Lester took a big drink of cider, licked his lips, and continued. “Well, here’s the thing. All day long at work I fight with people. Not all lawyers do this. Lots of them research stuff, or write stuff. But altercations are my specialty. I’m good at them. My boss throws me into the middle of every altercation he can find. The more he does this, the more we win, the happier our clients are. It’s the point of my existence there. So I get really used to being right all the time. Well, not even necessarily being right, but just seeming right. I almost always prevail, and so I’m used to it. I’m like addicted to it.
ooooo“So whenever some person, or some entity, crosses me outside of work, it’s like when some martial arts type gets jumped in an alley. I just unleash on the bastard. The manufacturer conveniently loses my rebate application, or my insurance short-pays my claim, or my phone company quietly raises my rates. Every day it’s something, some new hassle, all thrown at me by companies who make their money jerking people around, knowing that most people don’t have the stomach for it. Hell, most people aren’t together enough to redeem gift cards, much less mail in rebates or cover the checks they write. And the companies have learned to make money off of exploiting this. So I tell myself it’s a matter of principle to smack these bastards down.”
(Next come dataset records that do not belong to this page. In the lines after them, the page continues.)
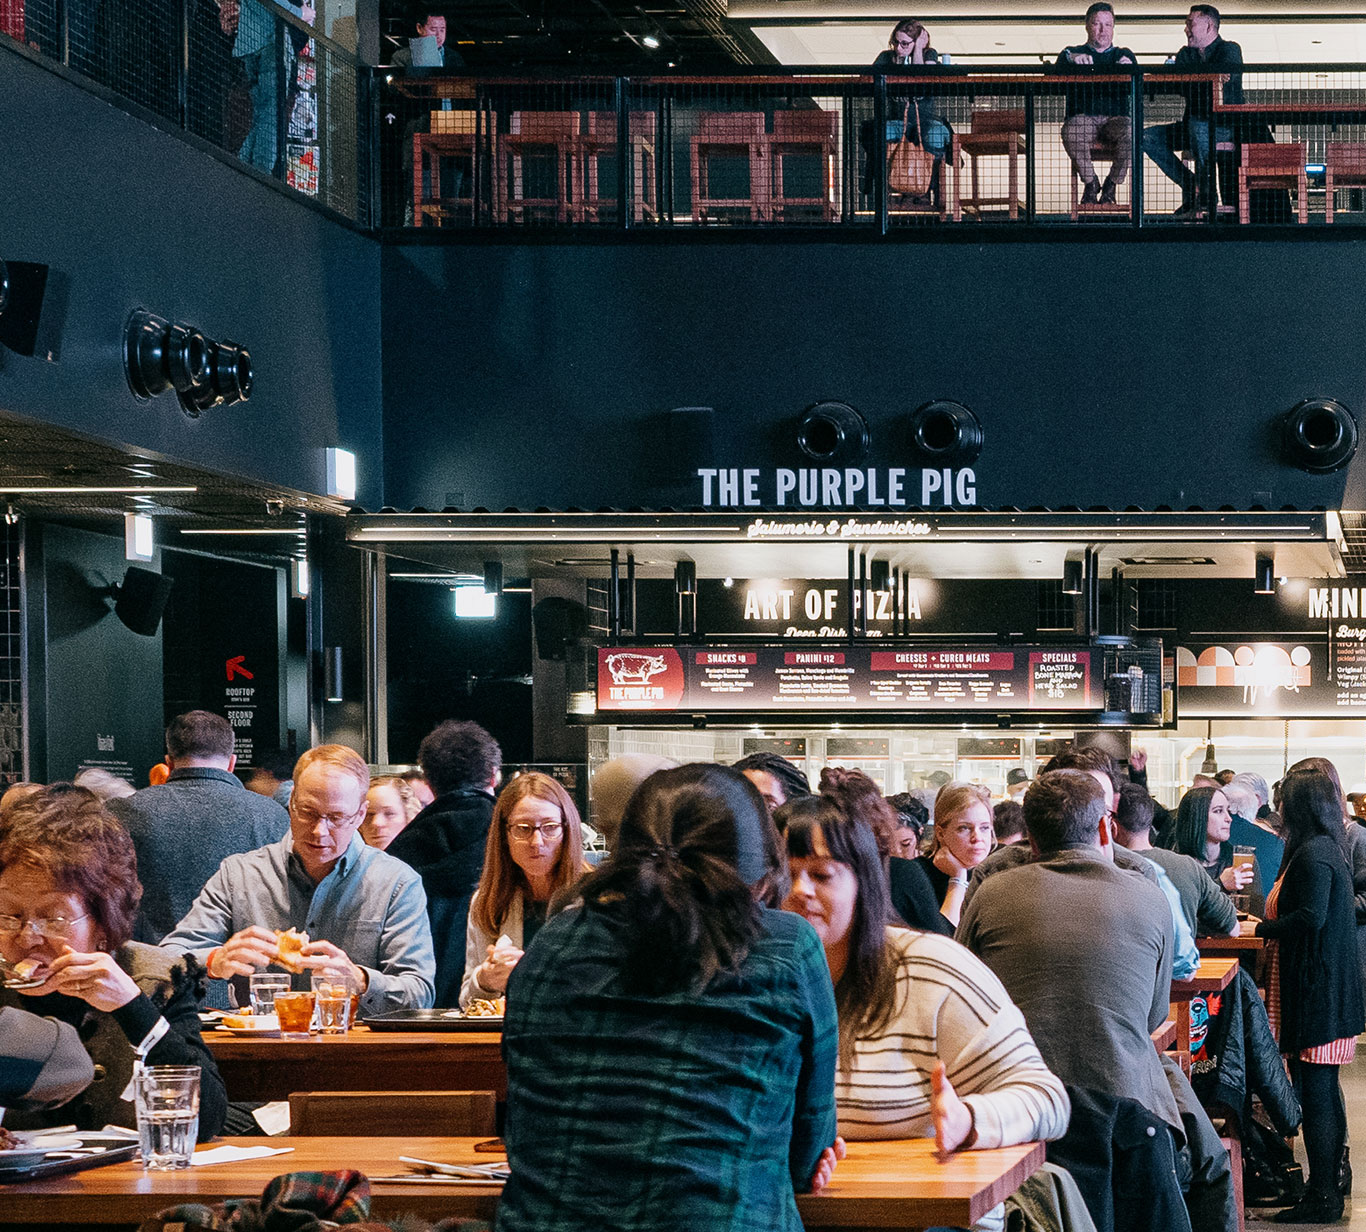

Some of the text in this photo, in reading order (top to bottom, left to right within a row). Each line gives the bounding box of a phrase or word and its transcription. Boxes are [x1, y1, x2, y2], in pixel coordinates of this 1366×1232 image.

[697, 467, 976, 505] THE PURPLE PIG
[747, 519, 931, 538] Salumerie & Sandwiches
[744, 589, 794, 620] ART
[805, 589, 838, 620] OF
[707, 653, 737, 663] SNACKS
[796, 653, 822, 664] PANINI
[896, 653, 928, 663] CHEESES
[940, 653, 964, 663] CURED
[965, 653, 990, 663] MEATS
[1042, 653, 1077, 663] SPECIALS
[1040, 664, 1075, 672] ROASTED
[1336, 666, 1362, 674] Original
[1055, 671, 1083, 679] MARROW
[225, 688, 255, 696] ROOFTOP
[227, 711, 254, 719] SECOND
[230, 719, 251, 727] FLOOR
Lester took another drink. “So every fricking day I spend battling people at work and then battling other people on the phone when I come home. It’s all a battle and each victory seems emptier than the last, because they never add up to anything. All I do is hold even. Life dishes out an inexhaustible supply of crap to deal with, just like no matter how much phlegm you cough up or blow out your nose, your goddamned body just creates more of it. At work I’m a prick all day, and I try to leave that behind when I come home, but it’s just a habit I can’t shed. I do try, but some little life hassle always puts me right back in that mode. So I guess you’re right, that woman in the SUV actually did set me off today. I managed not to engage with her, but of course she’d pissed me off, which flipped that little switch in my brain. Which in turn set me off thinking about this thing that happened the other day.”
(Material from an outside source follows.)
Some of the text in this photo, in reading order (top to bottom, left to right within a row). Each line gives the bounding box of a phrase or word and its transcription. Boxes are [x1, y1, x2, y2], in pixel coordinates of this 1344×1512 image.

Lester drained his cider—boozing-wise he’s a lightweight, but still he’s a really big guy and can just pour it down—and then continued. “So about that Lexus driver. I should explain something. Lots of guys, they lose their temper and do something stupid, mouth off or commit a violent act, and then they regret it later. I’m the other way around. I always manage to rein it in, exercise good judgment and everything, and then I regret that later. Instead of feeling relief that I didn’t take the bait, I start to feel angry at myself, at my own good judgment, I just stew. Like I said, I’m in the habit of prevailing and just can’t shrug shit off.”

I wished the barmaids came around to the booths here. I wanted to get Lester more cider but didn’t want to break the spell. Giving him alcohol is like putting gas in a car. He paused, and I almost got up for another round, but I waited and he started back up.

ooooo“So here’s what happened. I was at the corner grocery the other day with the kids getting a jug of milk, and Magnus begged me to get him a fruit leather. There’s a big display of them right at the checkout. My standard reply is, ‘Sorry, they’re not on sale.’ This time he said, ‘But Dad, they are!’ And in fact they were. Not wanting to destroy my credibility or break the news to such young kids that the world is an awful place with no justice, and because I’m a sucker for a sale price, I relented.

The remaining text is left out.